Hillary Clinton was on the cover of a recent National Review magazine--pictured in profile, her hair long, her demeanor stern. "The Perfect Liberal," the conservative magazine headlined. Wrong, as usual. The Perfect Liberal, if there were such a thing, would have the guts to oppose capital punishment.

Mrs. Clinton does not. The death penalty has her "unenthusiastic support," she recently said. This is scant cheer to the condemned, some of whom--it is now apparent--are innocent. They are probably doomed anyway, a prospect that undoubtedly leaves them even less enthusiastic than Mrs. Clinton about the death penalty. Almost everyone else, though, seems serenely untroubled.

Among them, presumably, are the boys from the National Review. The founding editor, William F. Buckley, quit Amnesty International in 1978 because it condemned the death penalty. But that was back when capital punishment was a mere moral issue. Permit me to say that the question is no longer just about morality. It's about numbers.

Since 1973, 79 persons have been freed from death row on account of DNA testing. Some of them had been positively identified by eyewitnesses. Others had confessed. All of them, though, were innocent to a scientific certainty.

It stands to reason, therefore, that among the nation's 3,563 death row inmates are some innocent men.
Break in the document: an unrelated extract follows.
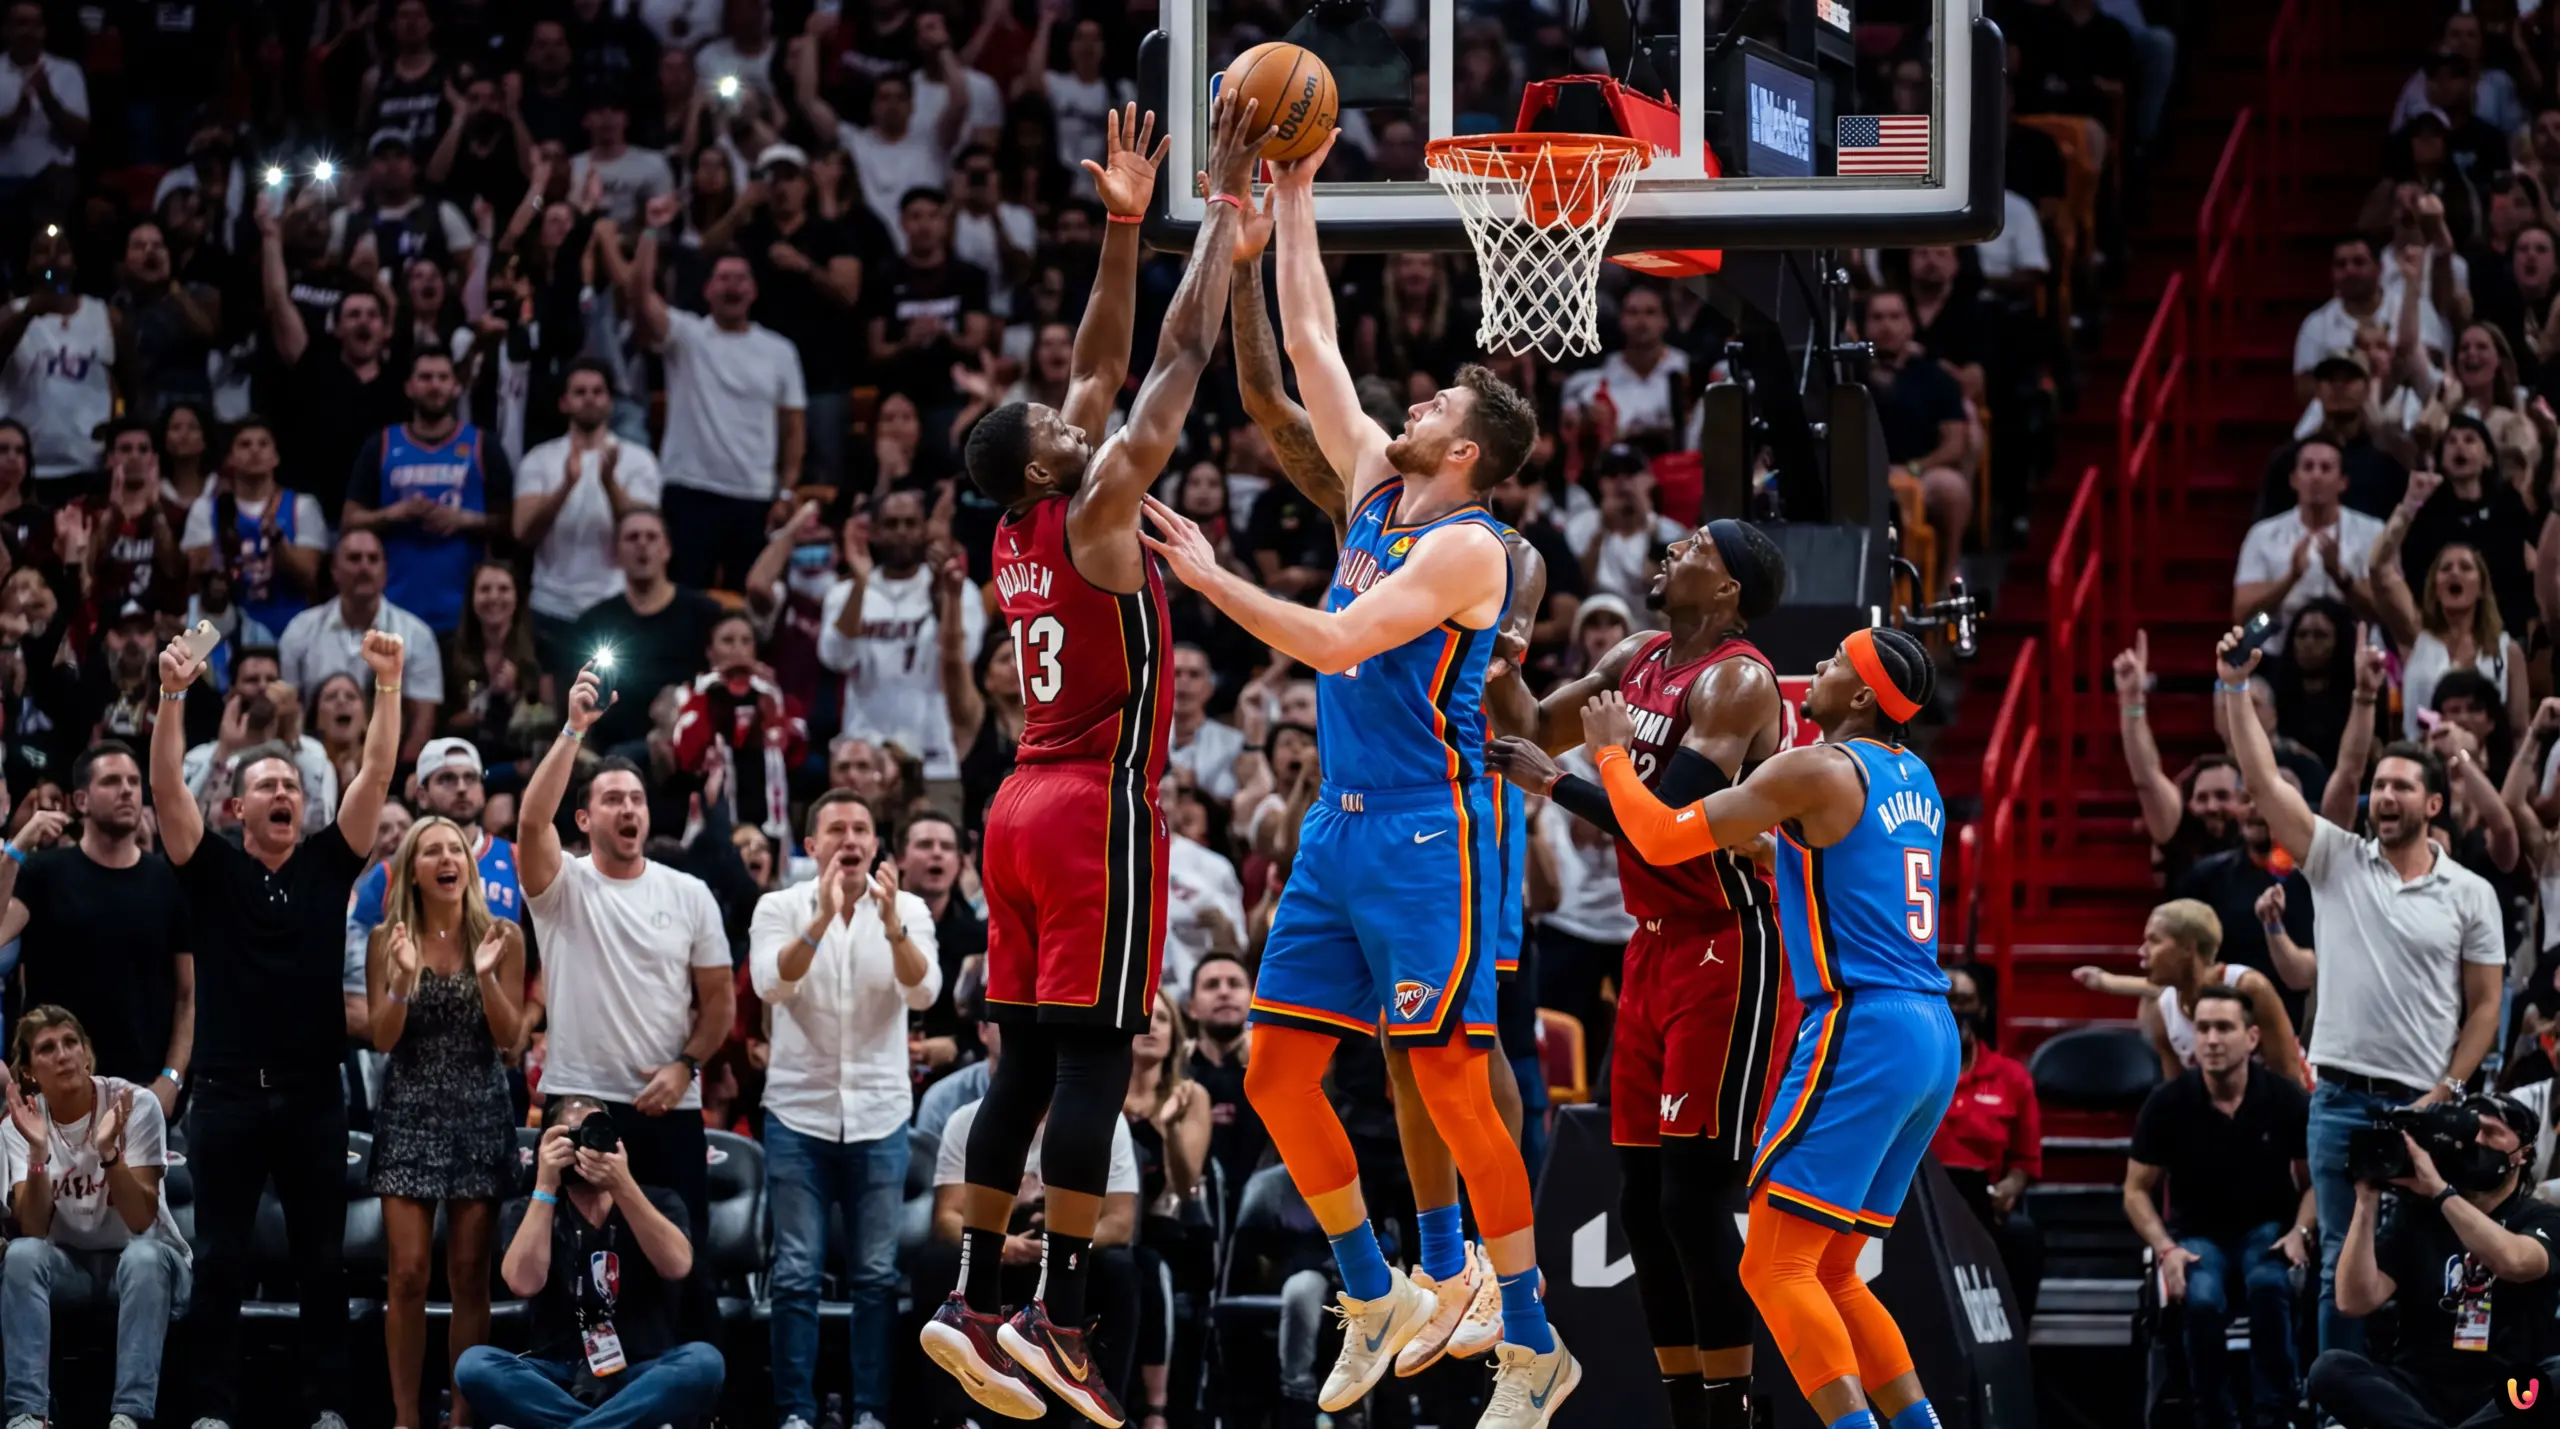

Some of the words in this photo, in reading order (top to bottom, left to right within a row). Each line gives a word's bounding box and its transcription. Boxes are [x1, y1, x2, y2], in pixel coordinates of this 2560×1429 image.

[1276, 75, 1318, 141] Wilson
[1010, 614, 1065, 706] 13
[1904, 847, 1935, 944] 5
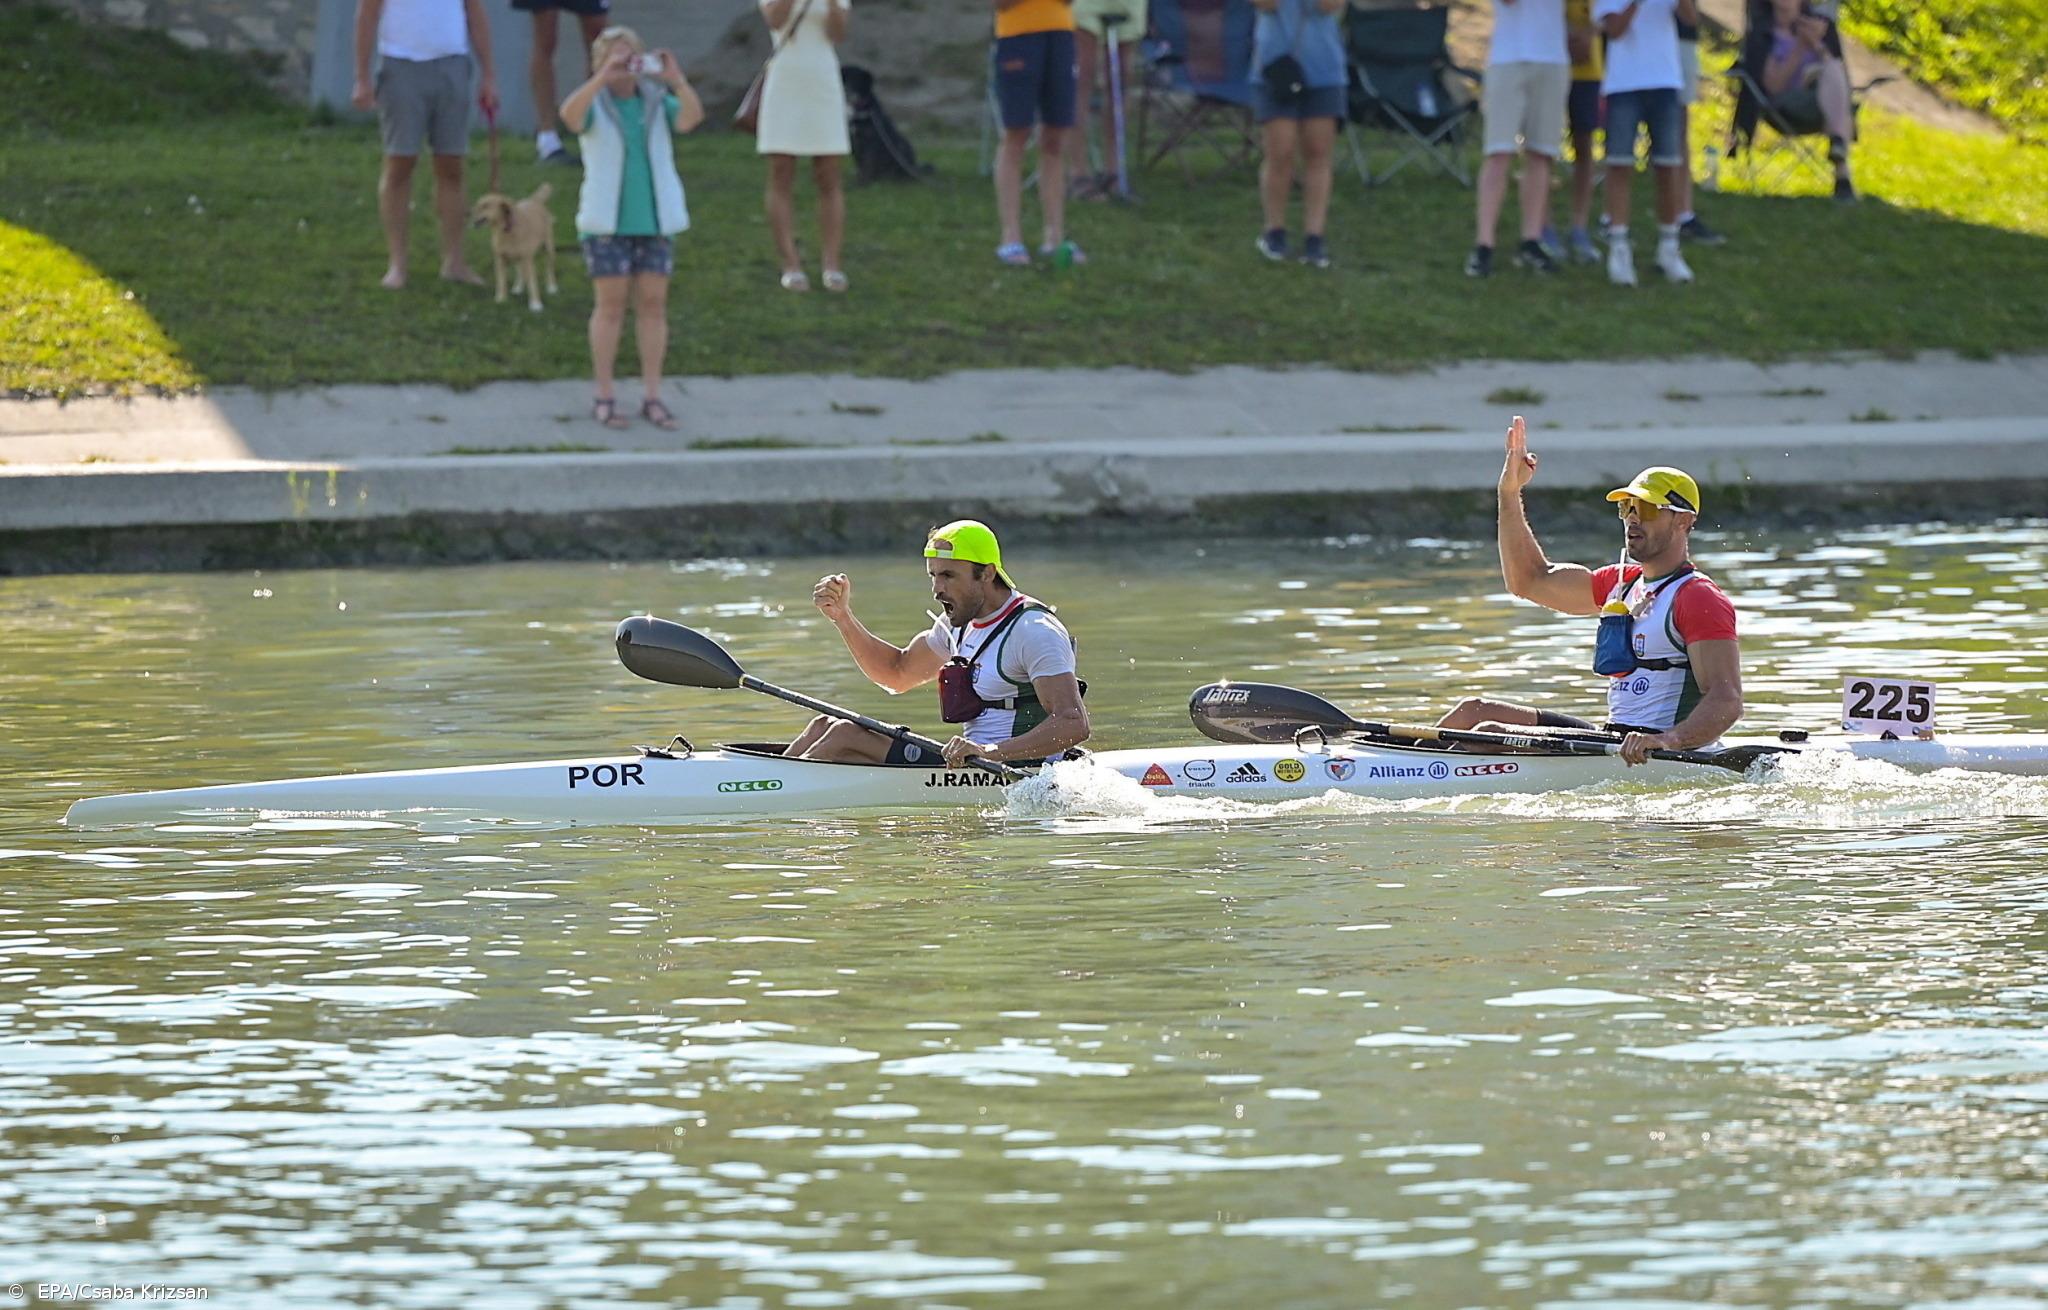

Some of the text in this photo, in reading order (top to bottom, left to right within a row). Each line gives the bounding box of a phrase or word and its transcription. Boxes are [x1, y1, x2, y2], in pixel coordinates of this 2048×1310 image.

After all, the usual murder produces no relevant DNA. A person is shot and the killer flees, leaving behind none of his own blood, tissue, hair or semen. In that case, the wrongly convicted is plain out of luck. He will go to his death protesting his innocence while the rest of us cynically utter, "Sure, sure," and go on with our lives.

I don't know how to define liberalism anymore, and I don't blame the Clintons for the occasional zigzag. But I do blame them--particularly Bill Clinton--for championing the death penalty and attaching it to many of the administration's criminal-justice measures, a transparent attempt to show that Democrats could be hard on crime. On this issue, Bill Clinton has been a masterful politician. He has also been a shameless opportunist.

Now it is Hillary's turn. She might, as her opportunistic husband did, turn to the clergy for moral permission to take a life. Such clergymen are always available. They will cite this or that passage of the Bible--"an eye for an eye" usually suffices--permitting the craven politician to go where the votes are. This is what Gov. Bill Clinton did, breaking off campaigning in New Hampshire in 1992, consulting with a clergyman and then permitting the execution of a retarded killer who, as the police cornered him, had blown away part of his own brain.

Nowadays, though, a politician ought to ask his clergyman about the morality of executing an innocent person. He ought to have him balance that eventuality against the fact that capital punishment deters no one. Life without parole will do just fine. What is gained by the death penalty? Nothing. What is lost? Innocent life, among other things.

National Review is wrong about Mrs. Clinton, but understandably so. Liberals have been amazingly uncritical of the Clintons, embracing them both. Even the First Couple's support of the death penalty has elicited little more than a yawn. After all, the condemned are often animals. Questions about the death penalty's morality, even its efficacy, get put aside. If some killer is to die so liberalism can live, then so be it.

Now, though, it is no longer enough to ask whether a certain prisoner deserves to die. We must also ask whether the system that kills the guilty will also kill someone innocent. Once, capital punishment proponents could argue that the system was foolproof. No more. The criminal-justice system is flawed, occasionally corrupt, sometimes downright bizarre: O. J. walks. Innocent people sometimes get death sentences.

Ronald Jones spent eight years on Illinois' death row until DNA tests proved he could not have been the man who raped and murdered a Chicago woman. When he was finally freed last year, he became the 12th Illinois man in 12 years to have been exonerated after being condemned to die. Jones had confessed, later recanted and alleged he had been beaten by the cops.

I don't expect Hillary Clinton to change her position. Her likely Senate opponent, Rudolph Giuliani, is pro-death penalty, but no hypocrite. I don't get that sense with Mrs. Clinton. Her "unenthusiastic support" sounds discordant, out of whack with the rest of her ideology--a squalid compromise with political reality, an attempt to have it both ways. But for the condemned, there is no middle ground. The guilty will die for the crimes they committed, the innocent for the cowardice of politicians such as Hillary Clinton.